(ABOUT THIS EXERCISE) Leave out the images and repeat every entry below exactly.

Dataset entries
----

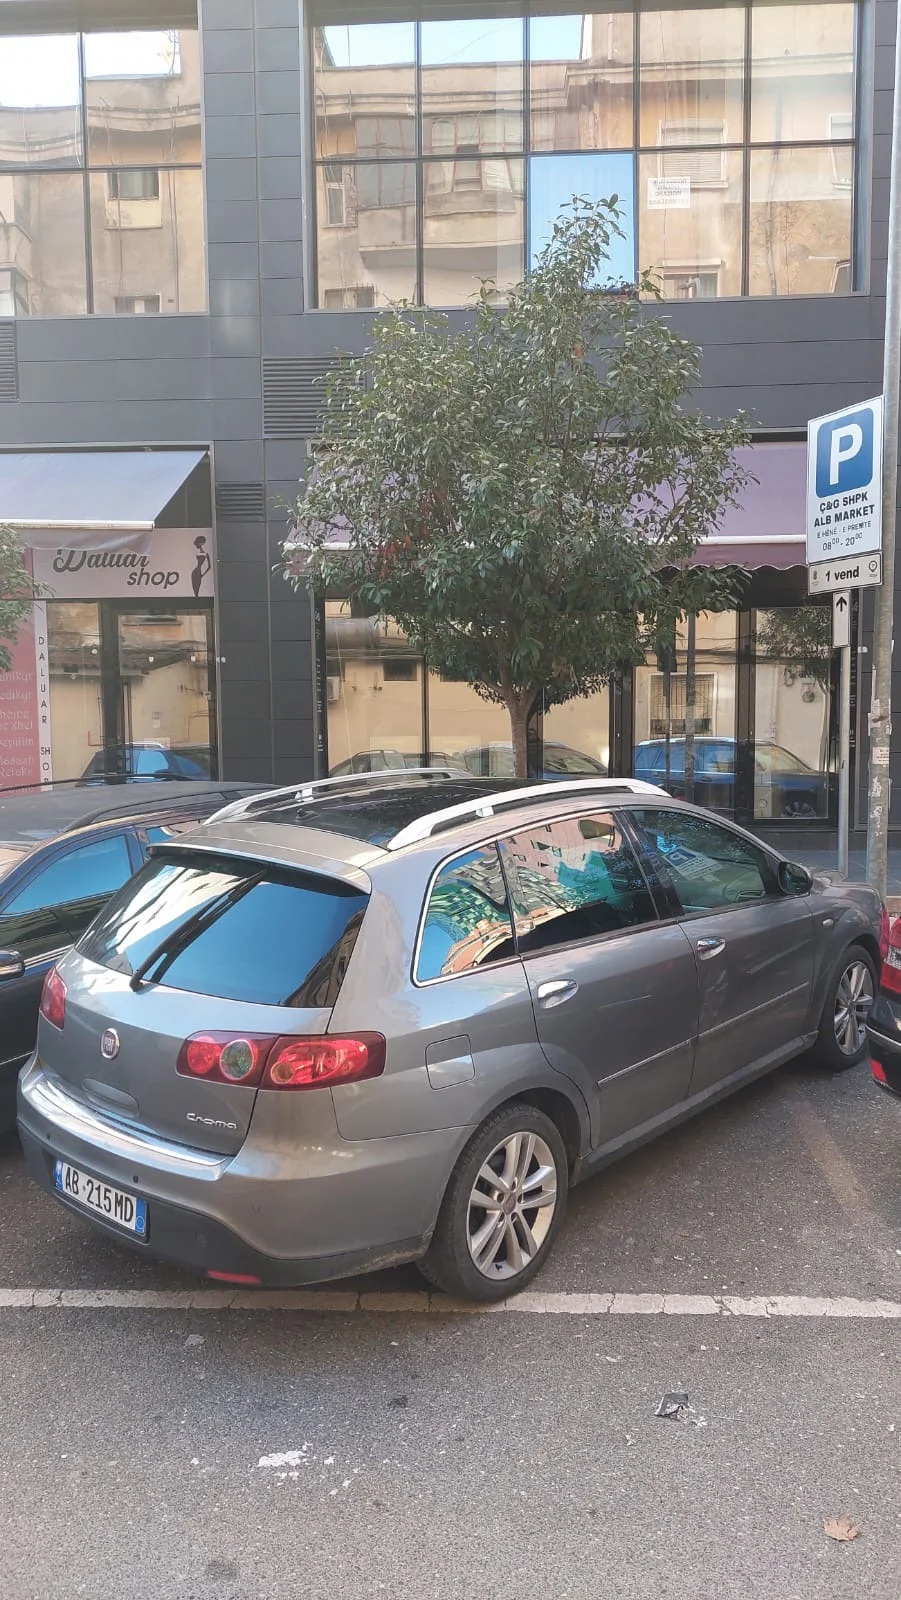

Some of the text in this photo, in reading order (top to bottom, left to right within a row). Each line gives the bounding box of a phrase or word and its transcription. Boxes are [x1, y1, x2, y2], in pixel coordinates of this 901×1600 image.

[829, 423, 863, 486] P
[820, 491, 868, 514] Ç&G SHPK
[814, 504, 875, 528] ALB MARKET
[126, 568, 180, 589] shop
[825, 566, 860, 582] 1 vend
[187, 1112, 237, 1129] Croma

----

(TASK SOLUTION)
Some of the text in this photo, in reading order (top to bottom, left to right within a row). Each line gives the bounding box of a phrase or word and its transcription. Boxes are [x1, y1, x2, y2], in pixel coordinates of this 901×1600 image.

[829, 423, 863, 486] P
[820, 491, 868, 514] Ç&G SHPK
[814, 504, 875, 528] ALB MARKET
[126, 568, 180, 589] shop
[825, 566, 860, 582] 1 vend
[187, 1112, 237, 1129] Croma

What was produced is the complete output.